Pictures aside, print all of the data below exactly as written.

Dataset entries:

——

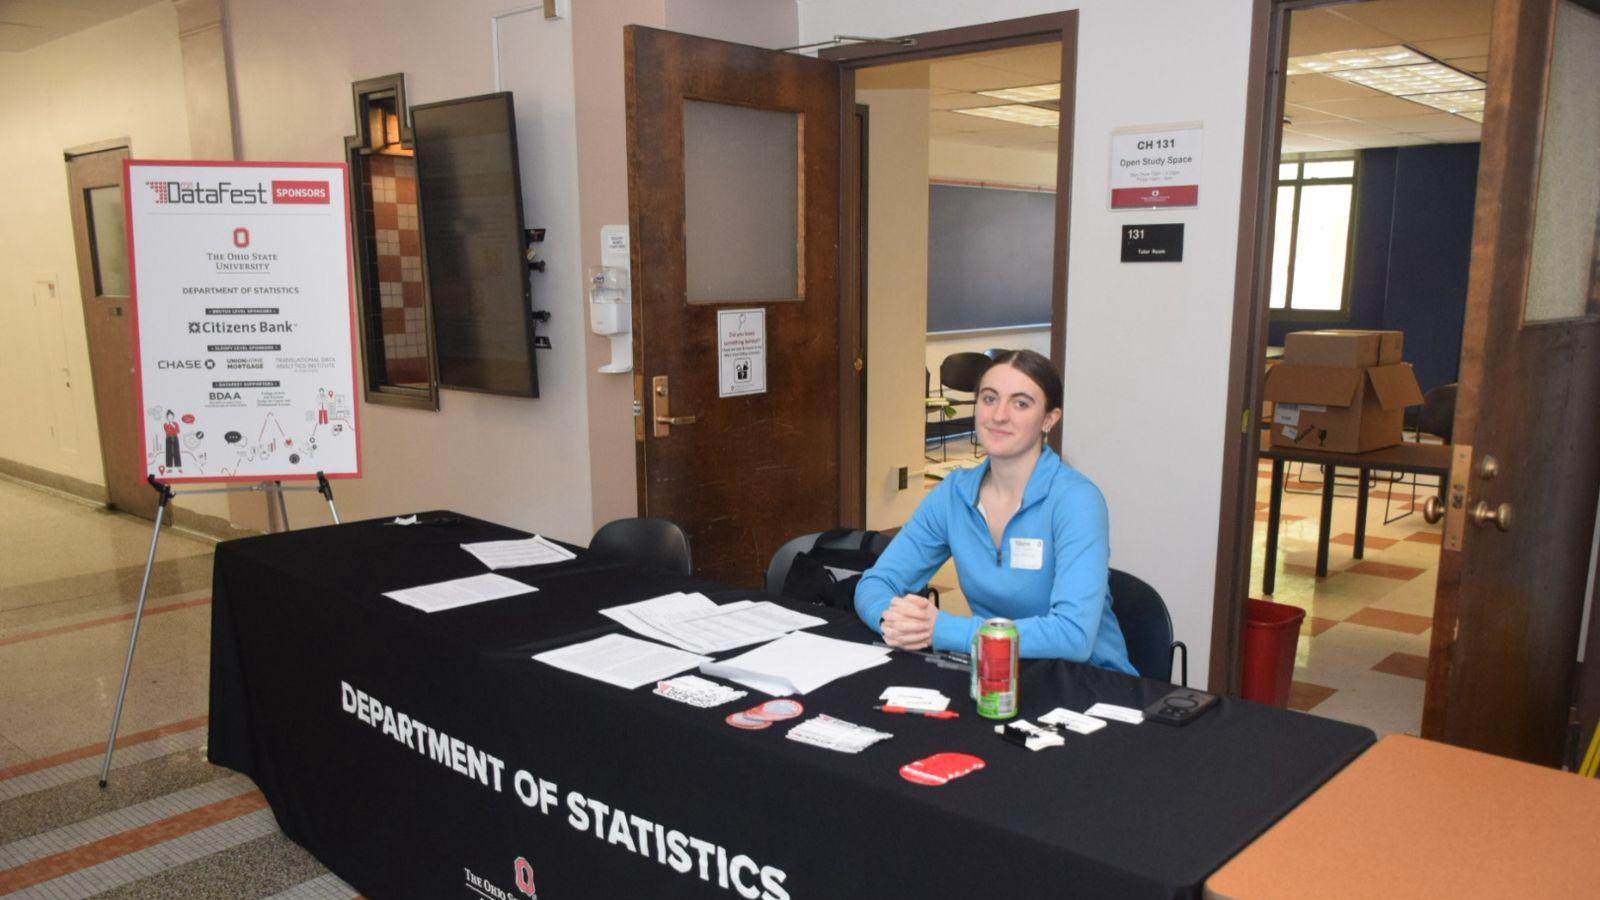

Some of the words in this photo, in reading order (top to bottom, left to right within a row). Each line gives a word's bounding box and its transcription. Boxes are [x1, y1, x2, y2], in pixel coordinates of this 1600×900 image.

[1137, 141, 1153, 150] CH
[1156, 139, 1175, 149] 131
[1120, 159, 1140, 168] Open
[1142, 157, 1165, 166] Study
[1167, 155, 1192, 165] Space
[276, 188, 326, 199] SPONSORS
[1128, 229, 1144, 240] 131
[216, 262, 270, 270] UNIVERSITY
[182, 287, 239, 295] DEPARTMENT
[240, 287, 252, 295] OF
[254, 286, 300, 295] STATISTICS
[203, 321, 257, 333] Citizens
[260, 320, 293, 333] Bank
[157, 360, 202, 370] CHASE
[341, 680, 504, 792] DEPARTMENT
[514, 769, 559, 815] OF
[567, 791, 791, 900] STATISTICS
[464, 867, 482, 888] THE
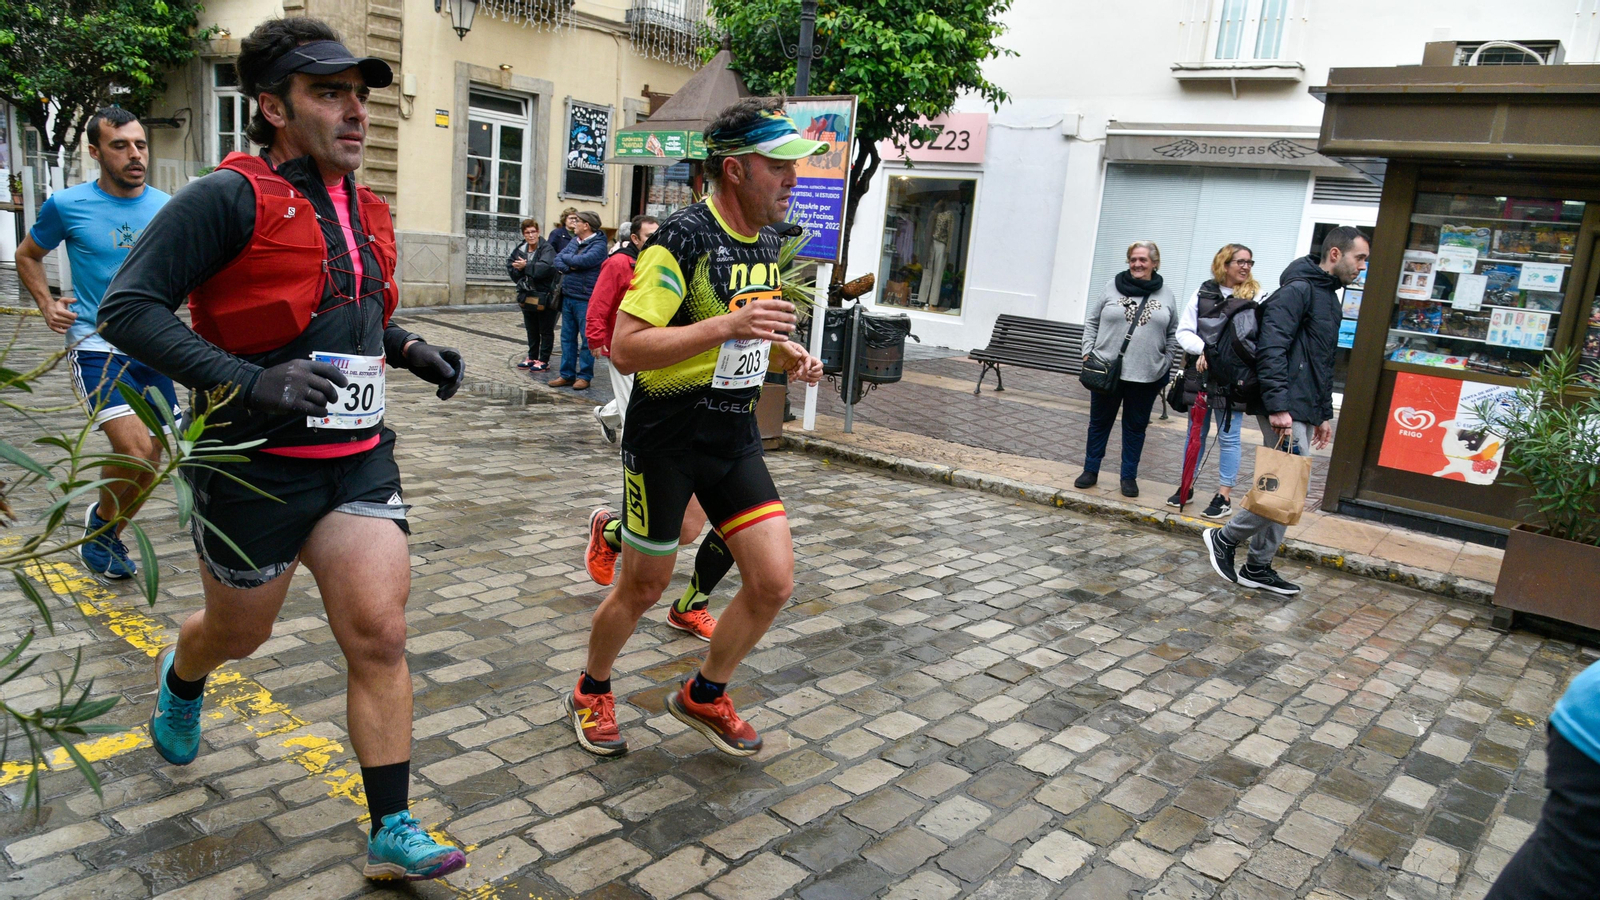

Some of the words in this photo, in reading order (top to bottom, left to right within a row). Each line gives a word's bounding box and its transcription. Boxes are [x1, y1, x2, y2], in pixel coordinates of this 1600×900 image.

[1200, 143, 1266, 157] 3negras
[825, 221, 840, 231] 2022
[733, 350, 760, 375] 203
[344, 383, 374, 411] 30
[1399, 429, 1422, 438] FRIGO
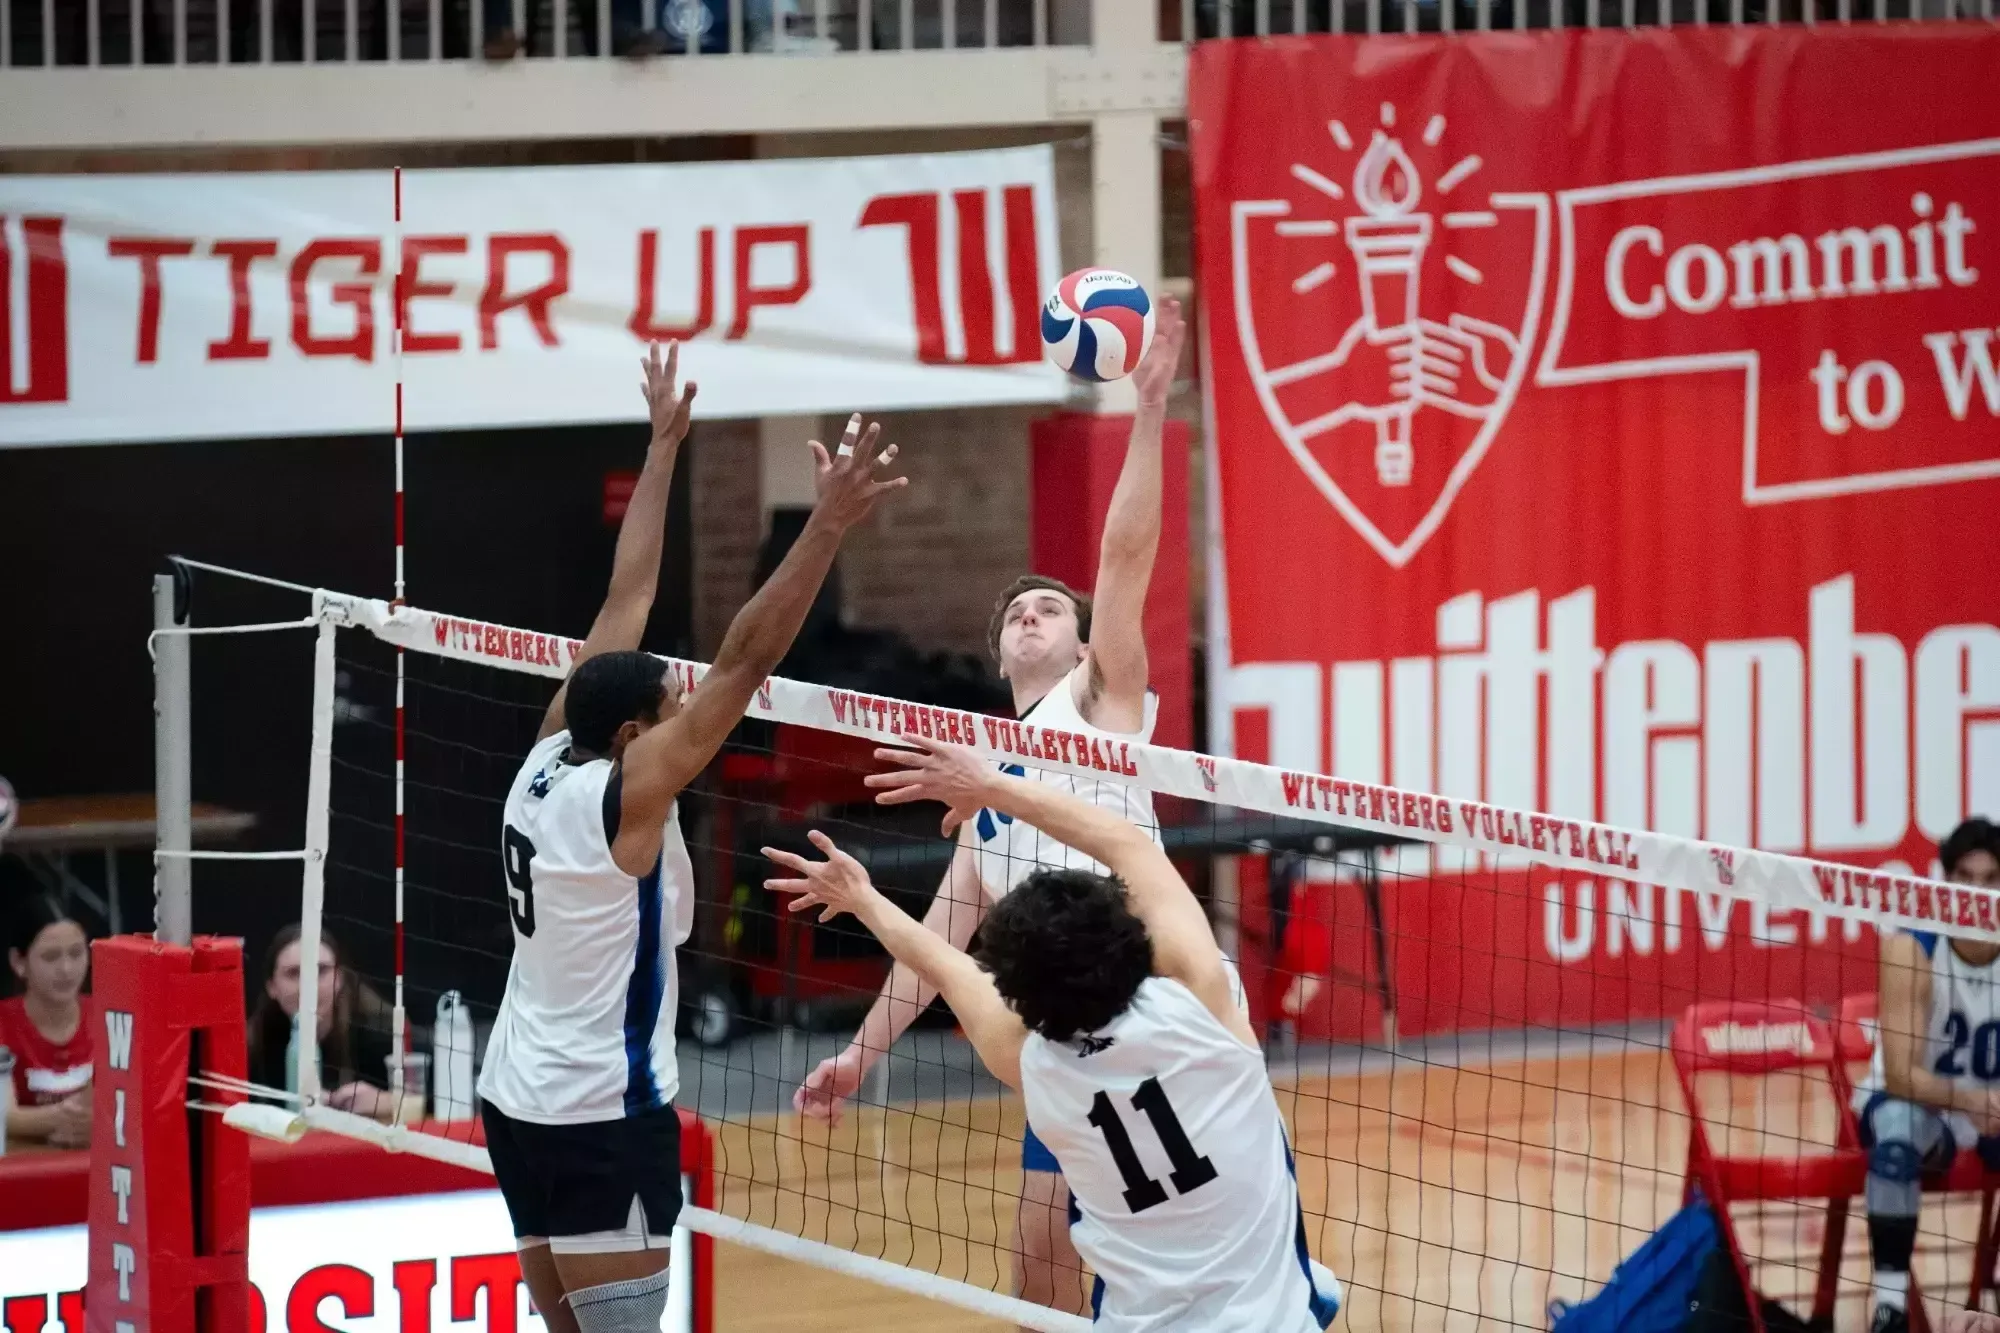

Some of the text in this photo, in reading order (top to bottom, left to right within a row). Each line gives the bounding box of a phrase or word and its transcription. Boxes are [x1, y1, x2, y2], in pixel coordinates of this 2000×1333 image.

[106, 231, 570, 363] TIGER
[629, 221, 812, 341] UP
[1605, 192, 1978, 319] Commit
[1811, 350, 1905, 434] to
[828, 690, 976, 746] WITTENBERG
[982, 715, 1138, 777] VOLLEYBALL
[1280, 771, 1640, 871] WITTENBERG VOLLEYBALL
[503, 823, 538, 939] 9
[1812, 864, 2000, 932] WITTENBER
[1934, 1010, 2000, 1080] 20
[104, 1010, 135, 1333] WITT
[1087, 1075, 1219, 1215] 11

——

◆ EXERCISE SOLUTION
Some of the words in this photo, in reading order (top to bottom, left to right within a row). Each line gives a word's bounding box and its transcription. Boxes are [x1, y1, x2, y2], in pixel coordinates of this 1600×900 image.

[1137, 141, 1153, 150] CH
[1156, 139, 1175, 149] 131
[1120, 159, 1140, 168] Open
[1142, 157, 1165, 166] Study
[1167, 155, 1192, 165] Space
[276, 188, 326, 199] SPONSORS
[1128, 229, 1144, 240] 131
[216, 262, 270, 270] UNIVERSITY
[182, 287, 239, 295] DEPARTMENT
[240, 287, 252, 295] OF
[254, 286, 300, 295] STATISTICS
[203, 321, 257, 333] Citizens
[260, 320, 293, 333] Bank
[157, 360, 202, 370] CHASE
[341, 680, 504, 792] DEPARTMENT
[514, 769, 559, 815] OF
[567, 791, 791, 900] STATISTICS
[464, 867, 482, 888] THE

Some of the words in this photo, in reading order (top to bottom, left to right within a row). Each line gives a word's bounding box and its transcription. Boxes are [x1, y1, x2, y2], in pixel coordinates of this 1600×900 image.

[1200, 143, 1266, 157] 3negras
[825, 221, 840, 231] 2022
[733, 350, 760, 375] 203
[344, 383, 374, 411] 30
[1399, 429, 1422, 438] FRIGO

Some of the text in this photo, in reading order (top to bottom, left to right within a row). Each line gives the bounding box of a phrase or word and its transcription. Boxes are [x1, y1, x2, y2], in pixel coordinates of this 2000×1333 image.

[106, 231, 570, 363] TIGER
[629, 221, 812, 341] UP
[1605, 192, 1978, 319] Commit
[1811, 350, 1905, 434] to
[828, 690, 976, 746] WITTENBERG
[982, 715, 1138, 777] VOLLEYBALL
[1280, 771, 1640, 871] WITTENBERG VOLLEYBALL
[503, 823, 538, 939] 9
[1812, 864, 2000, 932] WITTENBER
[1934, 1010, 2000, 1080] 20
[104, 1010, 135, 1333] WITT
[1087, 1075, 1219, 1215] 11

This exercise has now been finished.